Nelson Goodman. Langages de l'Art (1968), trad. J. Morizot.
S'il n'y a pas « d'œil innocent » et « de donné absolu » cela signifie que la perception commence par être parasitée par tout ce qui nous conditionne à notre insu. La langue, le contexte socioculturel, les idéologies, les préjugés, les habitudes etc.
D'où la nécessité d'une éducation pour rendre à la perception une jeunesse qui commence par lui faire défaut.
II) Le remaniement des conditions de la perception par l'éducation.
1) Le développement des capacités sensorielles : vue, ouïe, toucher, goût, odorat par des apprentissages.
« Comme la vue est de tous les sens celui dont on peut le moins séparer les jugements de l'esprit, il faut beaucoup de temps pour apprendre à voir ; il faut avoir longtemps comparé la vue au toucher pour accoutumer le premier de ces deux sens à nous faire un rapport fidèle des figures et des distances ; sans le toucher, sans le mouvement progressif, les yeux du monde les plus perçants ne sauraient nous donner aucune idée de l'étendue. L'univers entier ne doit être qu'un point pour une huître ; il ne lui paraîtrait rien de plus quand même une âme humaine informerait cette huître. Ce n'est qu'à force de marcher, de palper, de nombrer, de mesurer les dimensions, qu'on apprend à les estimer ; mais aussi, si l'on mesurait toujours, les sens, se reposant sur l'instrument, n'acquerrait aucune justesse ».
Rousseau. Emile. (1762).
Importance du stade sensori-moteur dans l'exploration de l'espace, dans la sensibilité aux différents stimuli. On peut utiliser ici l'exemple du handicap pour souligner combien l'hyper développement de certains sens supplée le sens manquant ou celui de la culture d'un sens par l'apprentissage d'un art. Ex : La capacité du chef d'orchestre d'identifier tant de notes à la fois. Le développement des papilles gustatives dans l'œnologie ou la gastronomie.
2) La métamorphose de la perception du réel par les arts.

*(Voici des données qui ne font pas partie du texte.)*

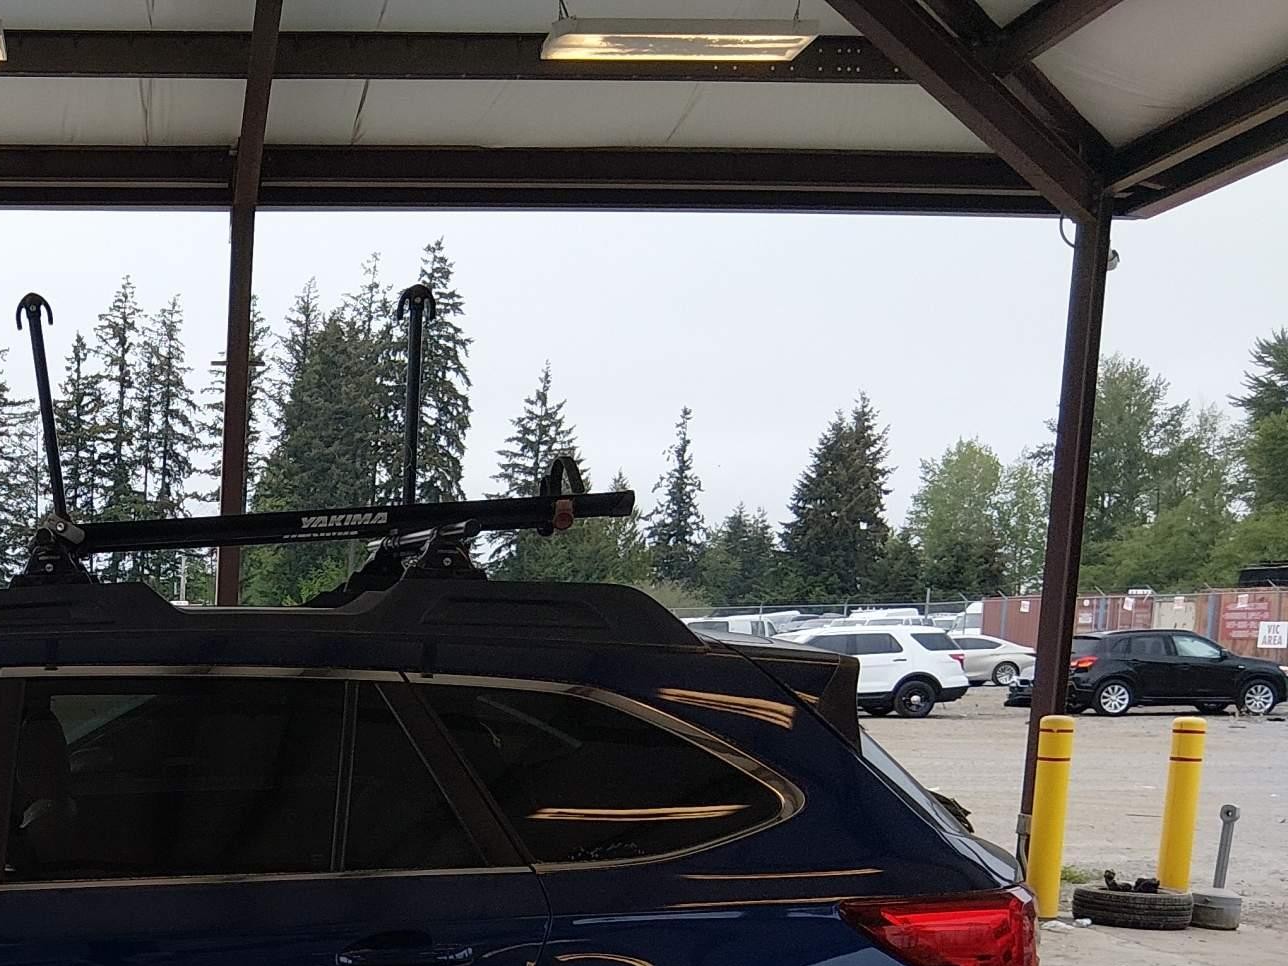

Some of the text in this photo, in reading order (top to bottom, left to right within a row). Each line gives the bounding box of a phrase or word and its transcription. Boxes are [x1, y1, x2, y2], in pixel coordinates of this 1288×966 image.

[301, 512, 388, 528] YAKIMA
[1267, 624, 1280, 634] VIC
[1262, 635, 1282, 645] AREA
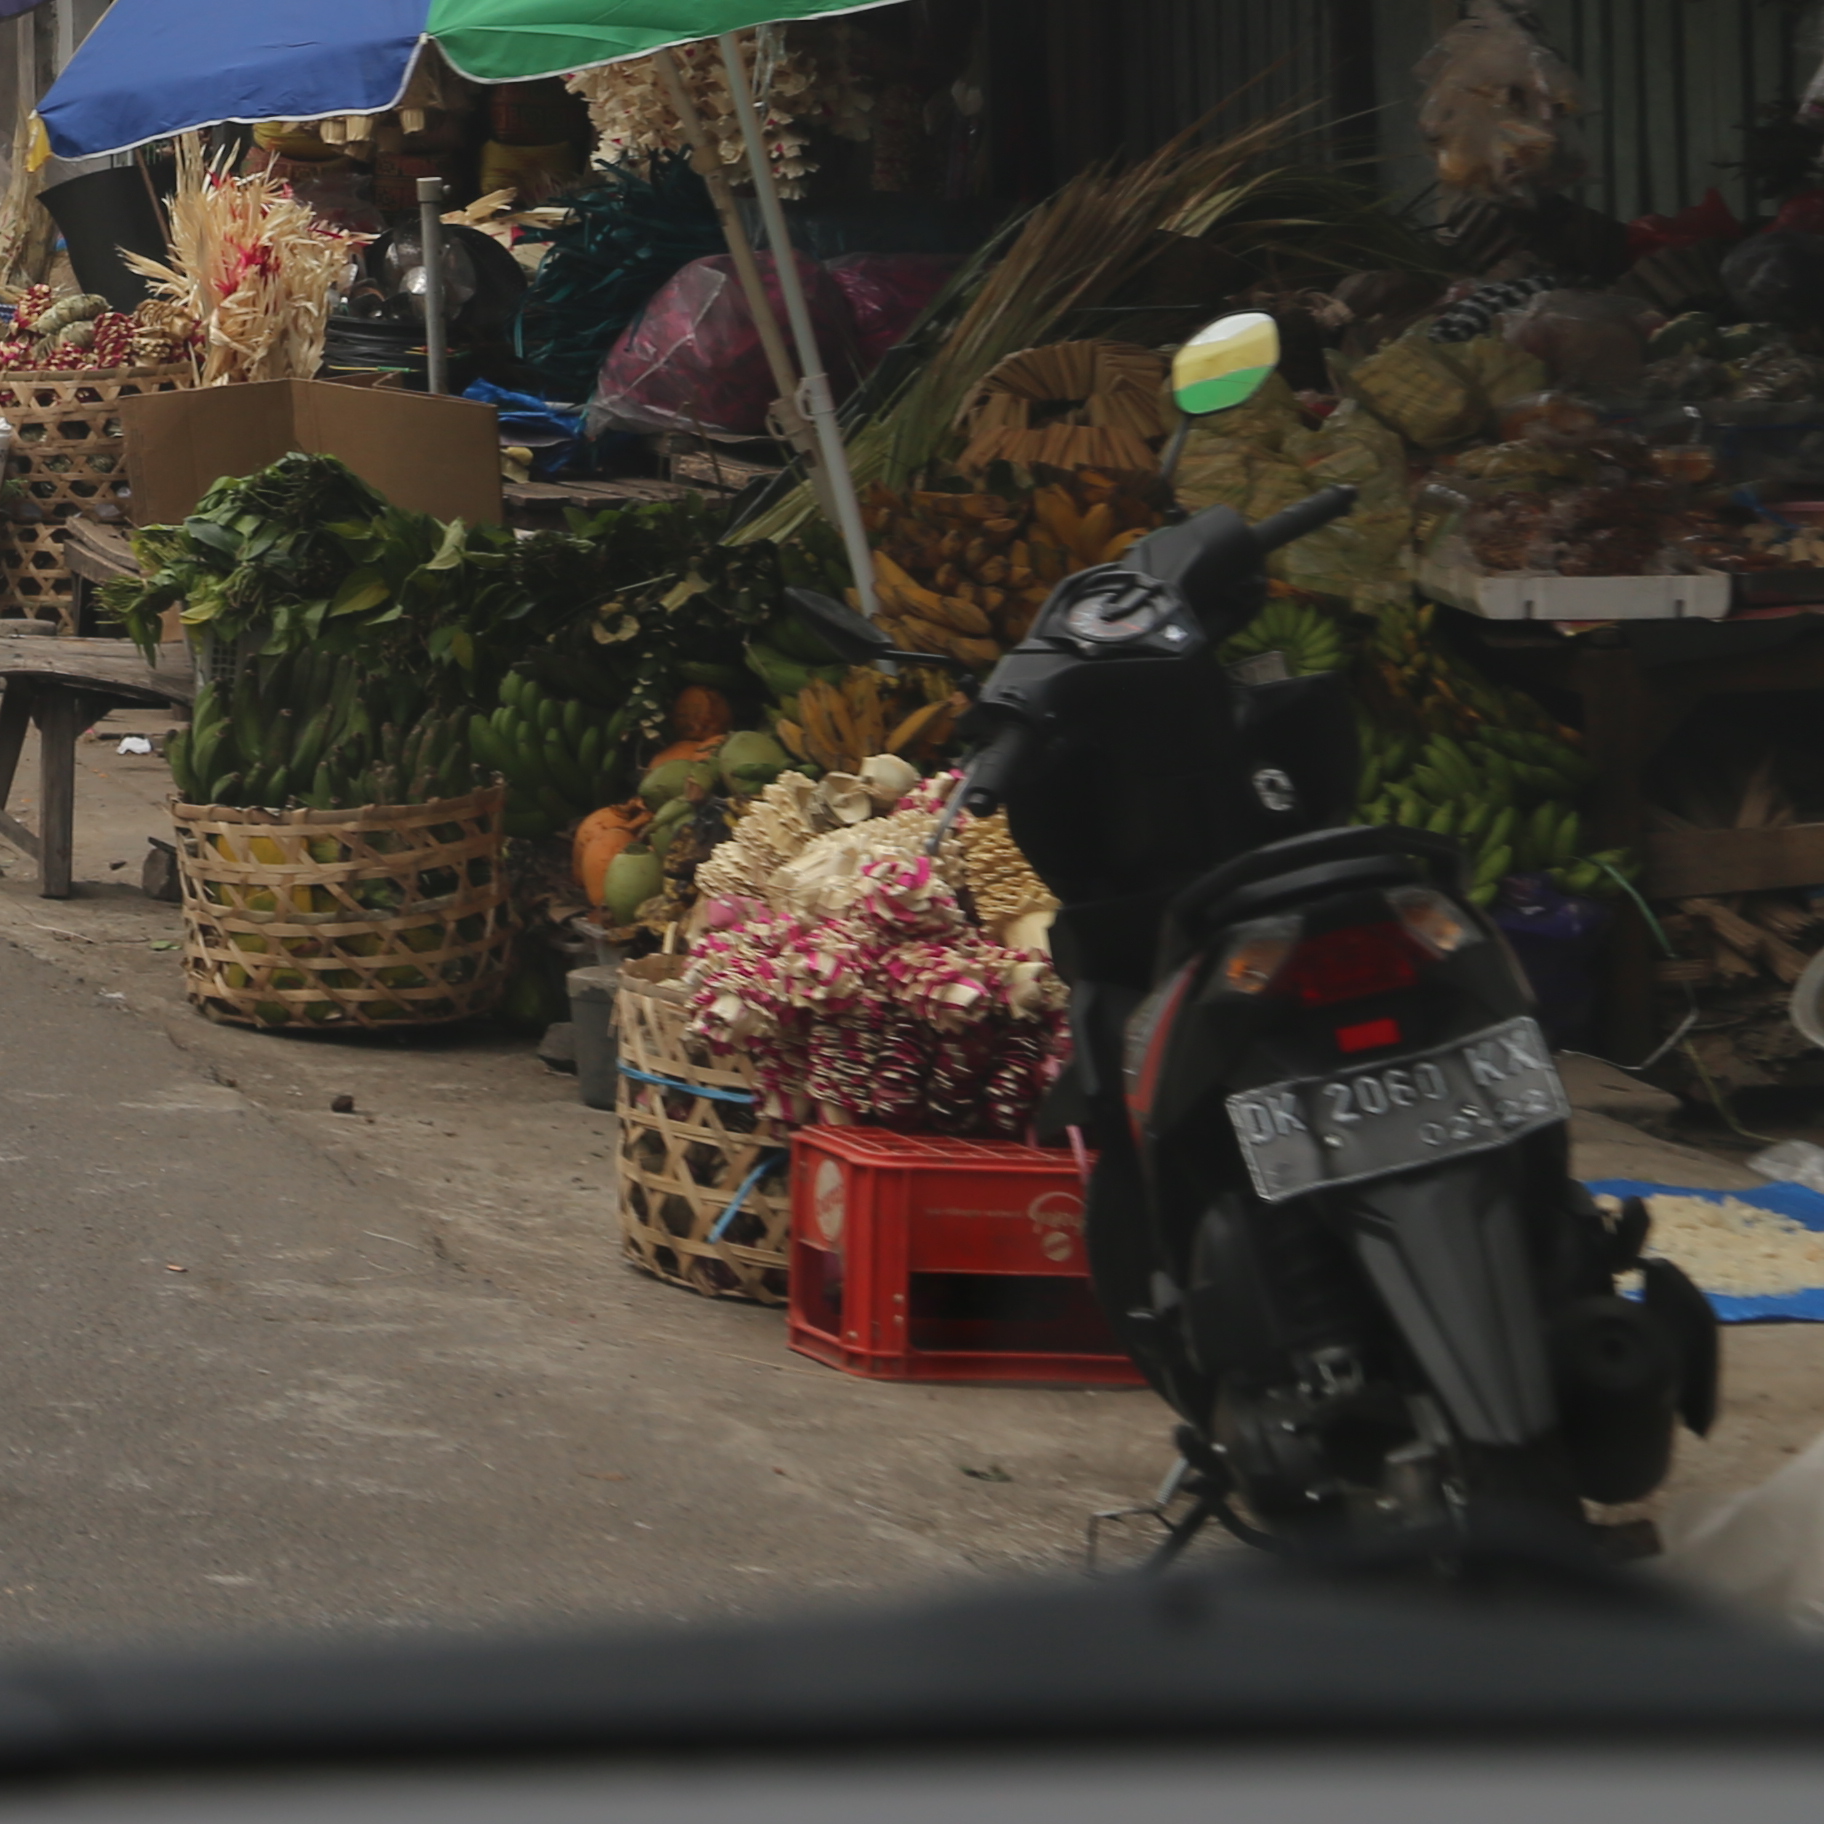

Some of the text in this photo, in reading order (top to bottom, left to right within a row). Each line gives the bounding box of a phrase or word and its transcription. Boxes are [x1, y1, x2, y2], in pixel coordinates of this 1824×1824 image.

[1240, 1028, 1540, 1145] DK 2060 KX
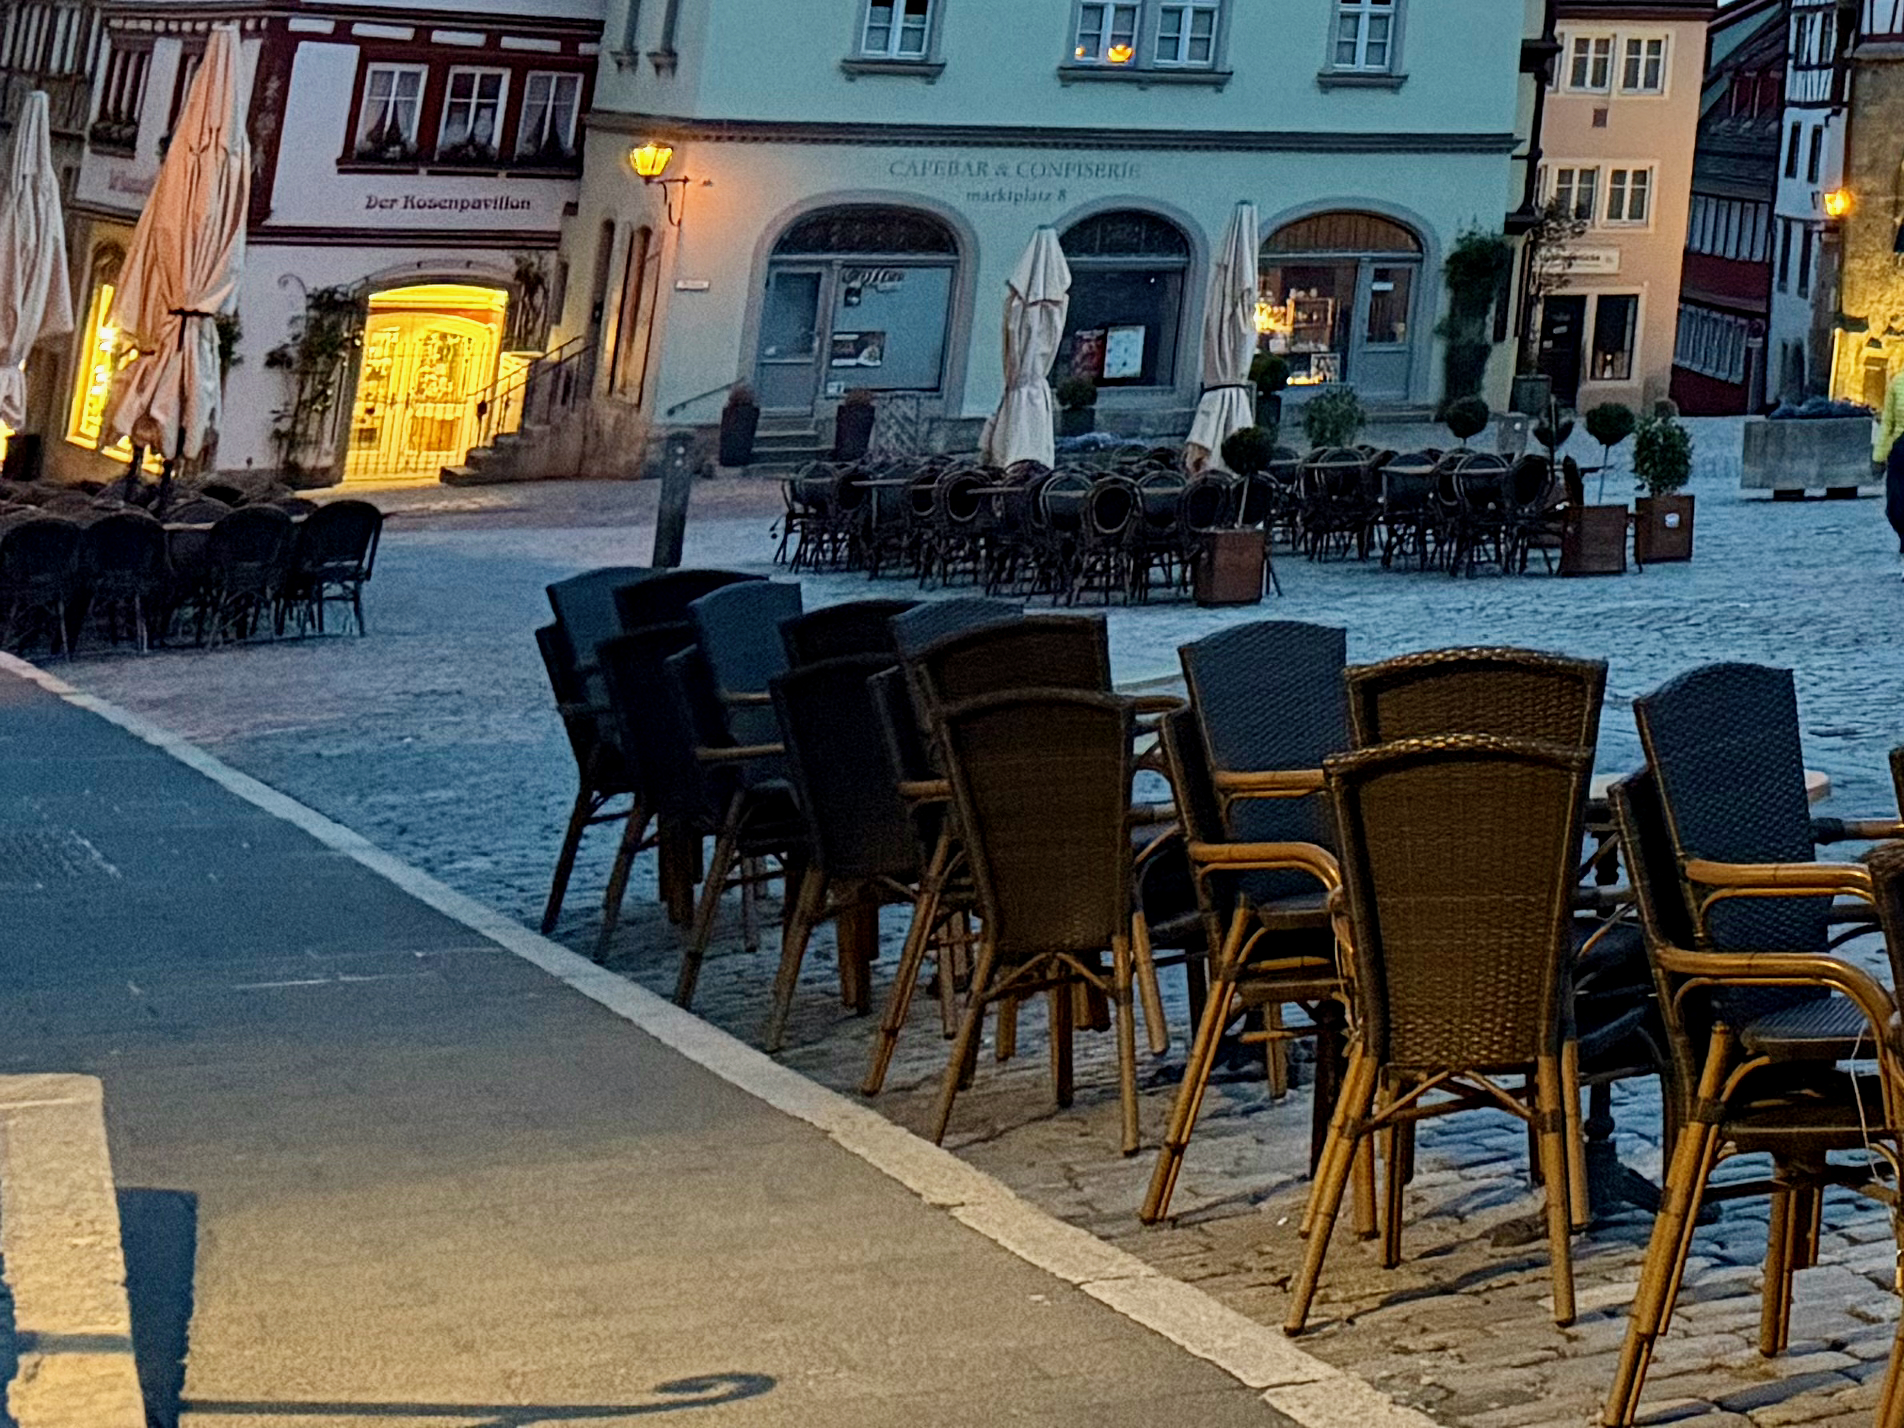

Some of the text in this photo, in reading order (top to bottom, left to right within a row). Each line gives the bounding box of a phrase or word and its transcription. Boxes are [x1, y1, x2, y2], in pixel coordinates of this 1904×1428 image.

[994, 163, 1008, 178] &
[1016, 160, 1141, 180] CONFISERIE
[365, 195, 398, 210] Der
[966, 187, 1051, 205] marktplatz

Les nécessités de la vie conduisant à nouer avec le réel un rapport utilitaire, la médiation linguistique substituant aux choses les étiquettes que les mots collent sur elles, les représentations collectives assimilées avec le lait maternel tissent un voile entre le réel et celui qui le perçoit ; l'artiste déchire ce voile, il déstabilise ainsi la perception commune et ouvre un autre rapport possible au monde.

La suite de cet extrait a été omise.